The second study “Prognostic factors in high-grade osteosarcoma of the extremities or trunk: an analysis of 1702 patients treated on neoadjuvant cooperative osteosarcoma study group protocols” by Bielack et al12 was published by the American Society of Clinical Oncology in 2002. This study reported the prognostic factors for osteosarcoma by analyzing several variables including age, site (axial or appendicular), primary metastases, and poor response. Some factors were speculated but left open for future research and development. The different modalities of treatment were also compared. This study comprised 1702 sarcomas and the large sample size has provided a quantum of knowledge for others to work with and to refer to.
The third most cited study was “Estrogen binding, receptor mRNA, and biologic response in osteoblast-like osteosarcoma cells” published in 1988 by Komm et al15. This study introduced the concept of estrogen having an effect on osteoblasts by inducing increased transcription and formation of bone matrix. This research was particularly important as it lead to an avenue of studying hormone receptors in osteosarcoma cells and their therapeutic implications.
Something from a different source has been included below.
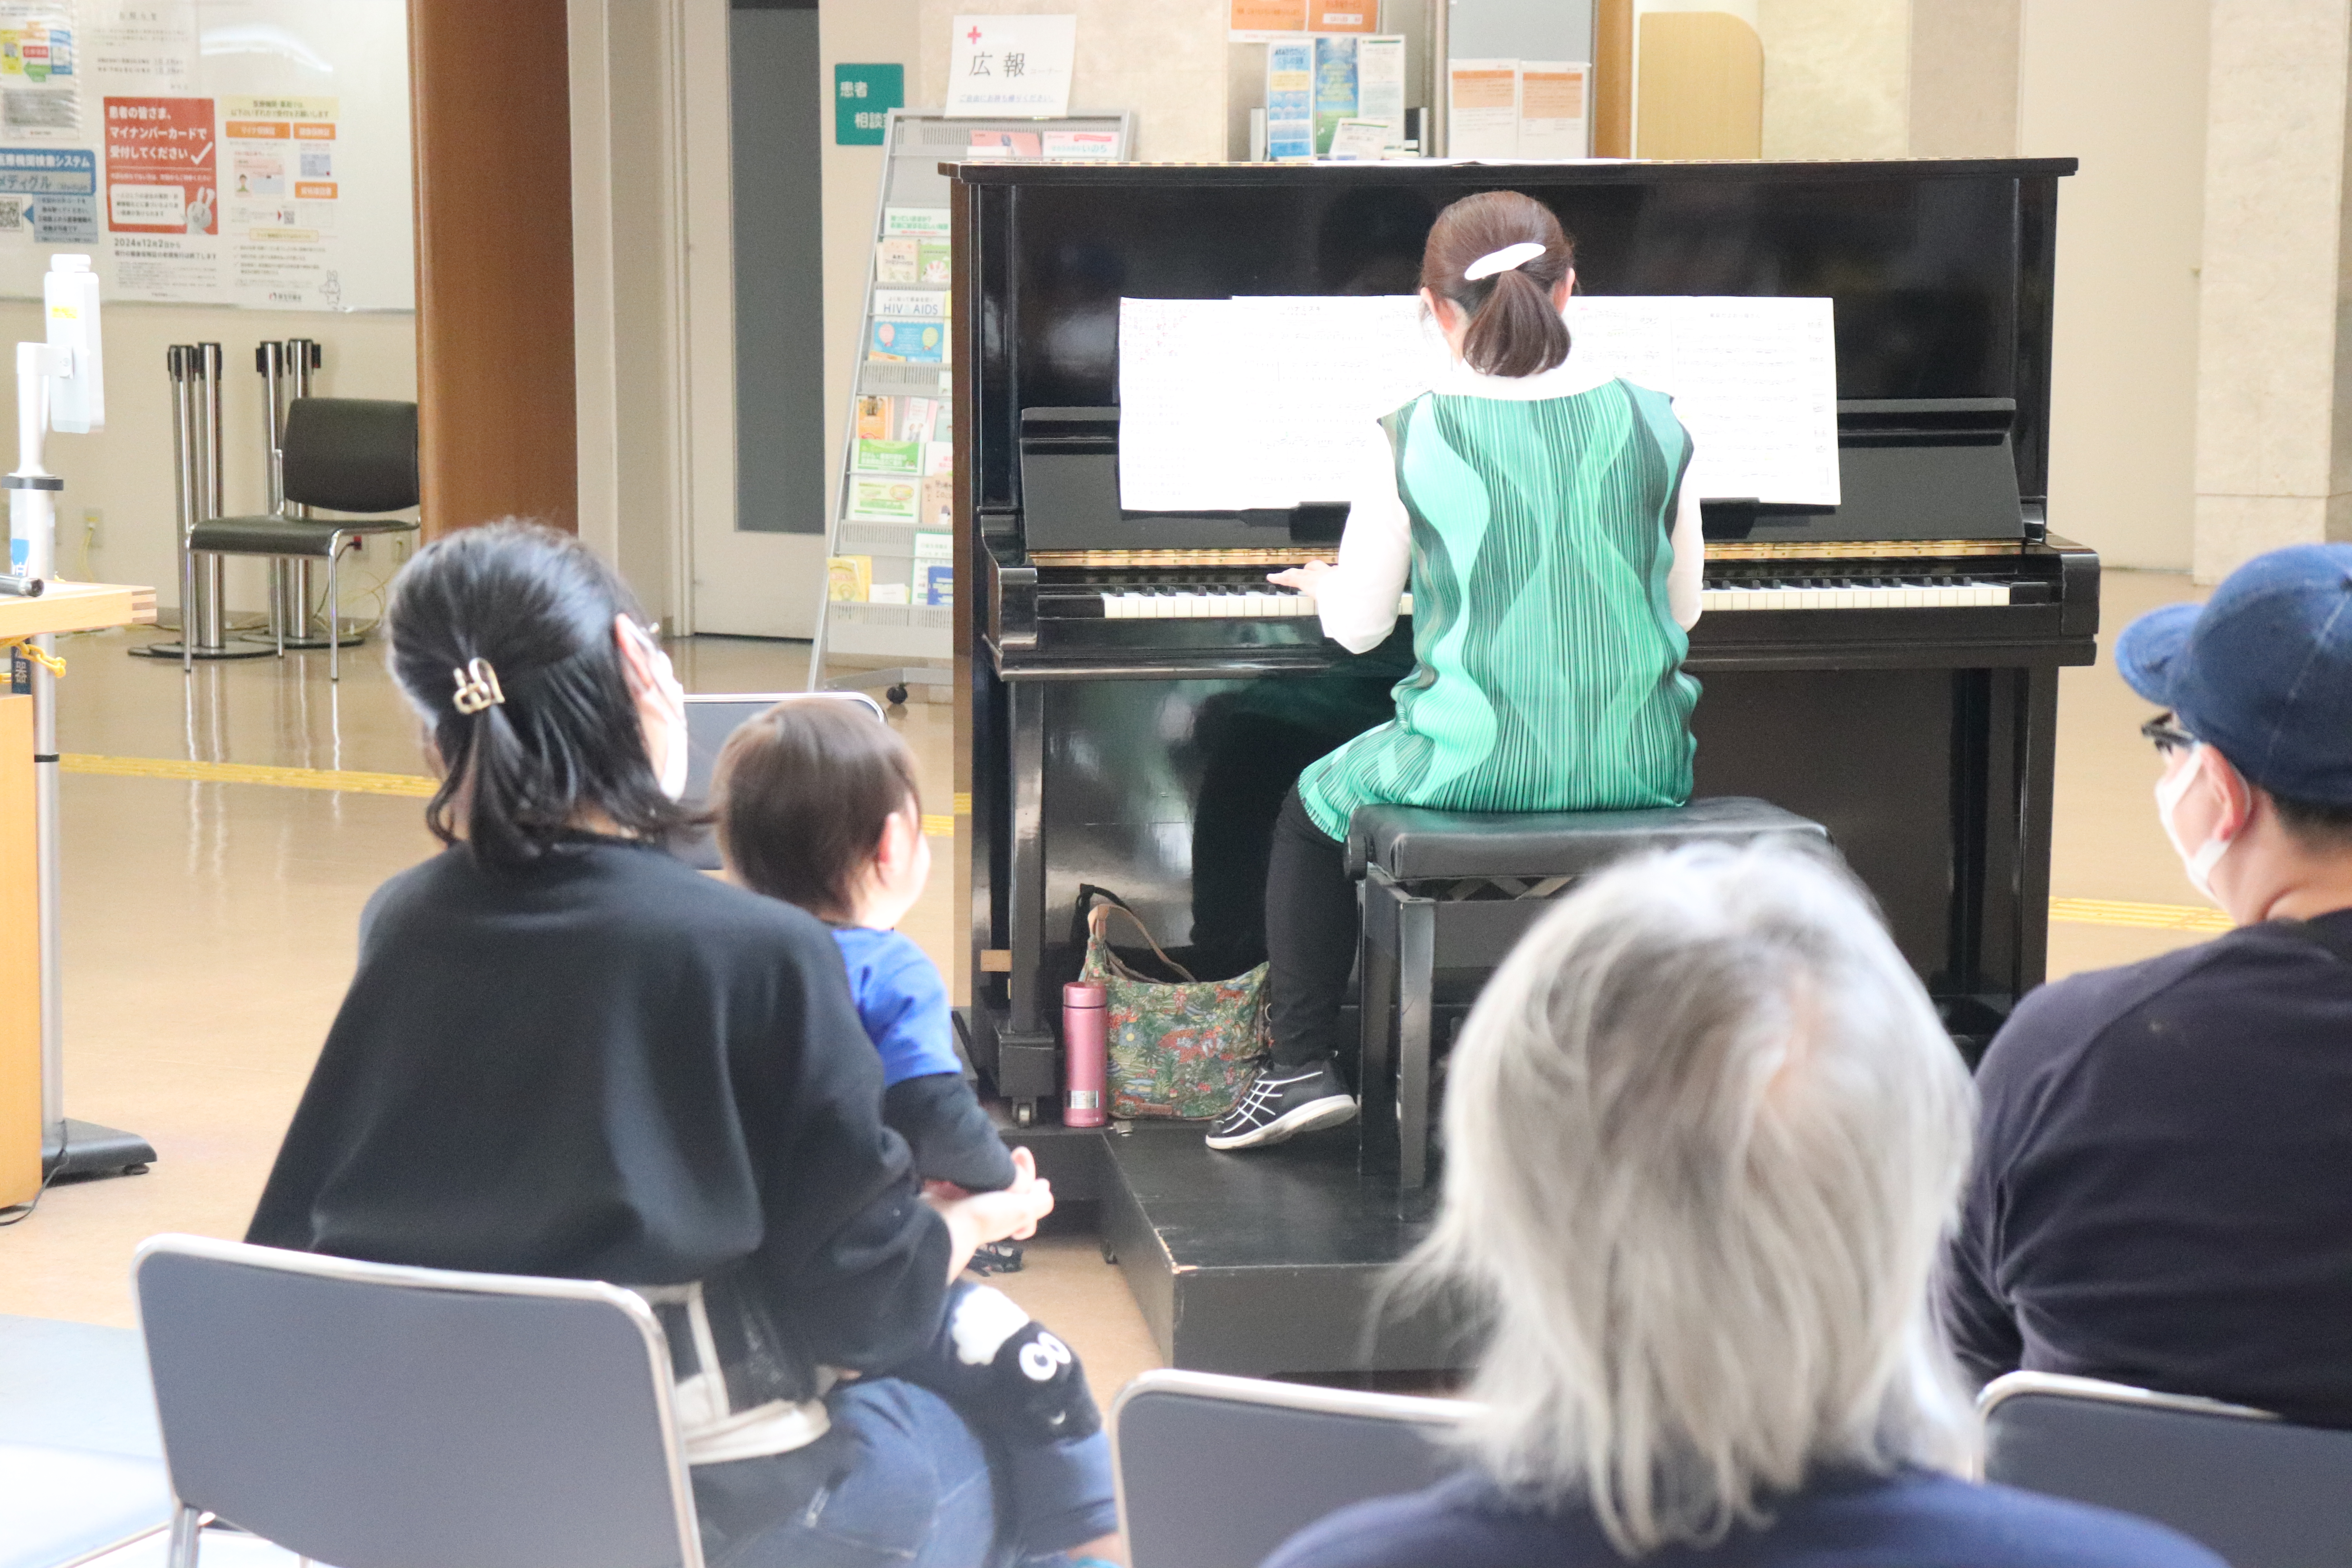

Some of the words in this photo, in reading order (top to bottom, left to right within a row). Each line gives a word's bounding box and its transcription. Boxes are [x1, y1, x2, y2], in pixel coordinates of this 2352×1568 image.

The most prevalent trend is increase in the number of articles over the years. In the period of the 1960s, few researches were published with a major hike from the 1970s to the 1980s, and then a more impressive rise at the turn of the 21st century. The current decade shows a lower number of top-cited articles but that is to be expected as these articles have been published very recently and it is a well-established fact that recent articles are often cited less in the beginning followed by a peak in next 10 years or so. This accounts for the low number of recent articles in the top 100 cited list.
Another factor that was considered relevant to the impact an article made was the country of origin of the corresponding author’s address. The United States has dominated the research on osteosarcoma. The next most productive country was Italy and produced only 10% of the input. A multitude of factors will affect the choice of doctors to focus on this field of research. The reasons for this are varied, but most likely center around the funding available for research, quality of orthopedic departments at hospitals, impact of the disease on population, academic atmosphere, platforms for sharing ideas, etc.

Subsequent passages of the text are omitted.